= The problem =
Could you repeat every line below exactly, skipping the images?

Free-text object descriptions:
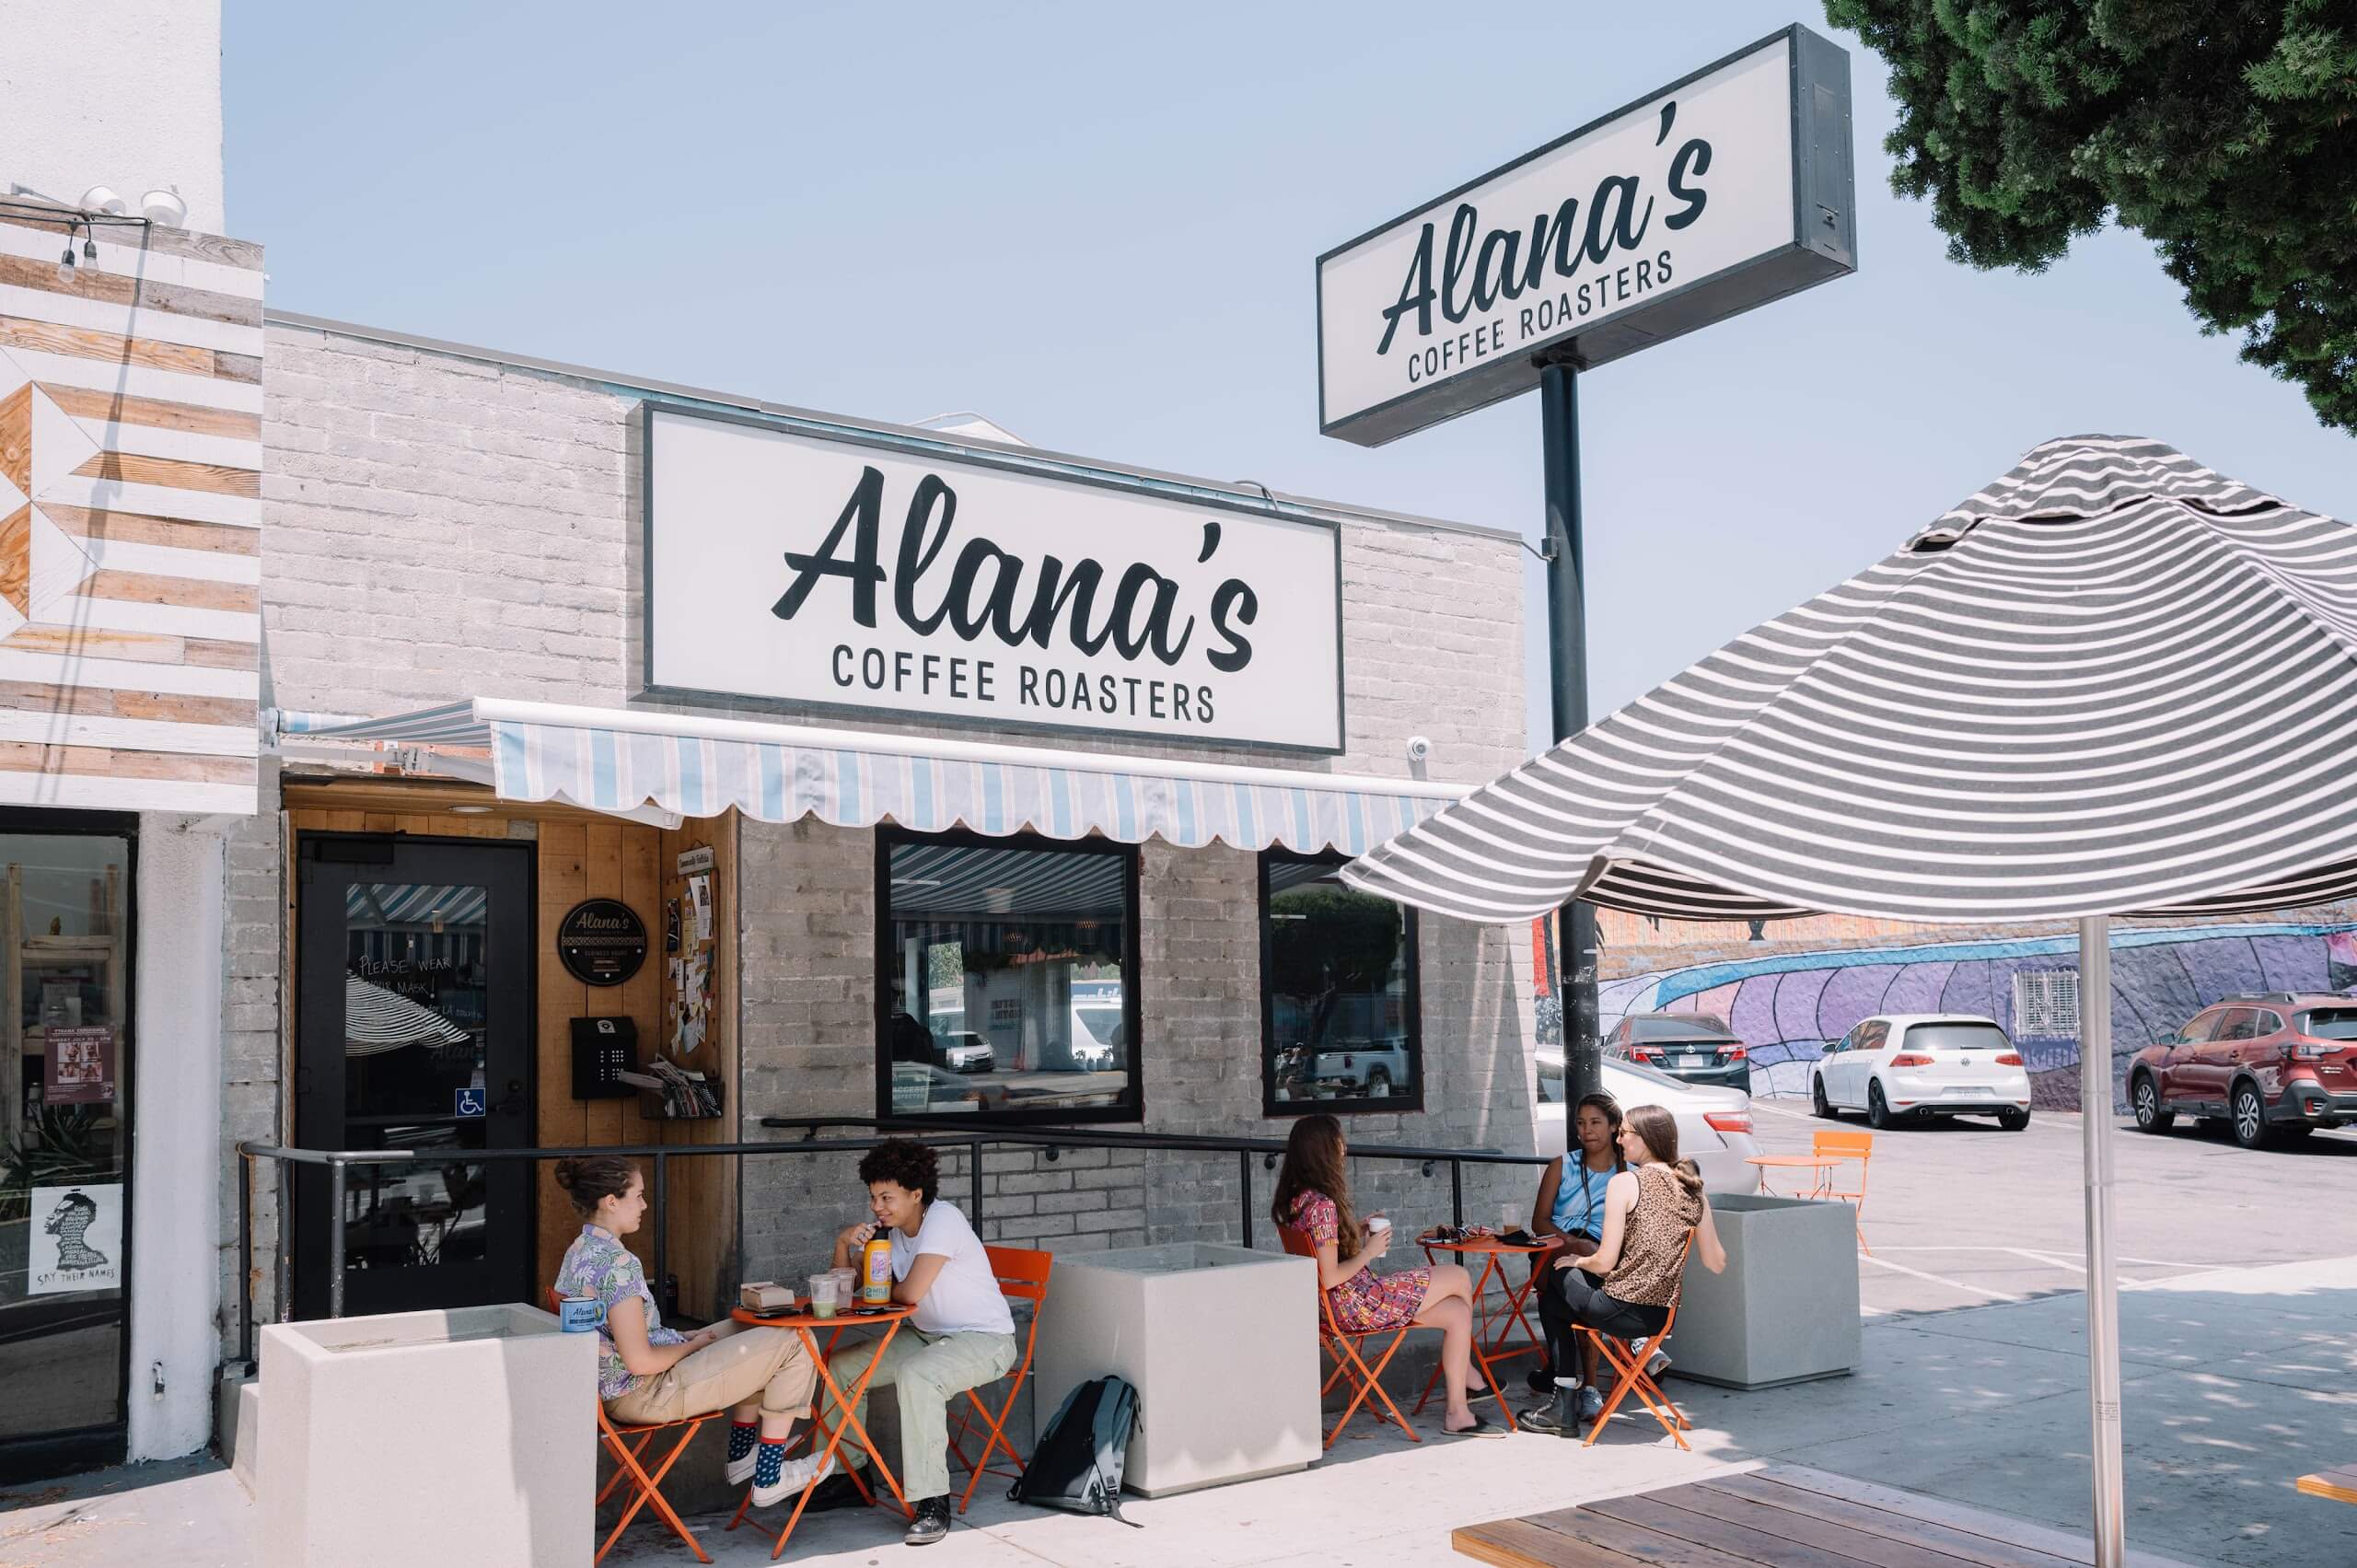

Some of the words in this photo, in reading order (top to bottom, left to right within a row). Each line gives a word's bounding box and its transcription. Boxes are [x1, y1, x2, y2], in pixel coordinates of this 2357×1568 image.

[1376, 100, 1713, 355] Alana's
[1409, 319, 1504, 383] COFFEE
[1520, 250, 1673, 340] ROASTERS
[771, 465, 1259, 673] Alana's
[832, 645, 995, 702] COFFEE
[1020, 666, 1214, 724] ROASTERS
[575, 912, 630, 929] Alana's
[359, 955, 408, 976] PLEASE
[418, 957, 451, 972] WEAR
[37, 1272, 56, 1286] SAY
[60, 1272, 86, 1283] THEIR
[89, 1269, 115, 1280] NAMES

= Completed task =
Some of the words in this photo, in reading order (top to bottom, left to right within a row). Each line gives a word's bounding box and its transcription. Boxes are [x1, y1, x2, y2], in pixel coordinates of this 2357×1568 image.

[1376, 100, 1713, 355] Alana's
[1409, 319, 1504, 383] COFFEE
[1520, 250, 1673, 340] ROASTERS
[771, 465, 1259, 673] Alana's
[832, 645, 995, 702] COFFEE
[1020, 666, 1214, 724] ROASTERS
[575, 912, 630, 929] Alana's
[359, 955, 408, 976] PLEASE
[418, 957, 451, 972] WEAR
[37, 1272, 56, 1286] SAY
[60, 1272, 86, 1283] THEIR
[89, 1269, 115, 1280] NAMES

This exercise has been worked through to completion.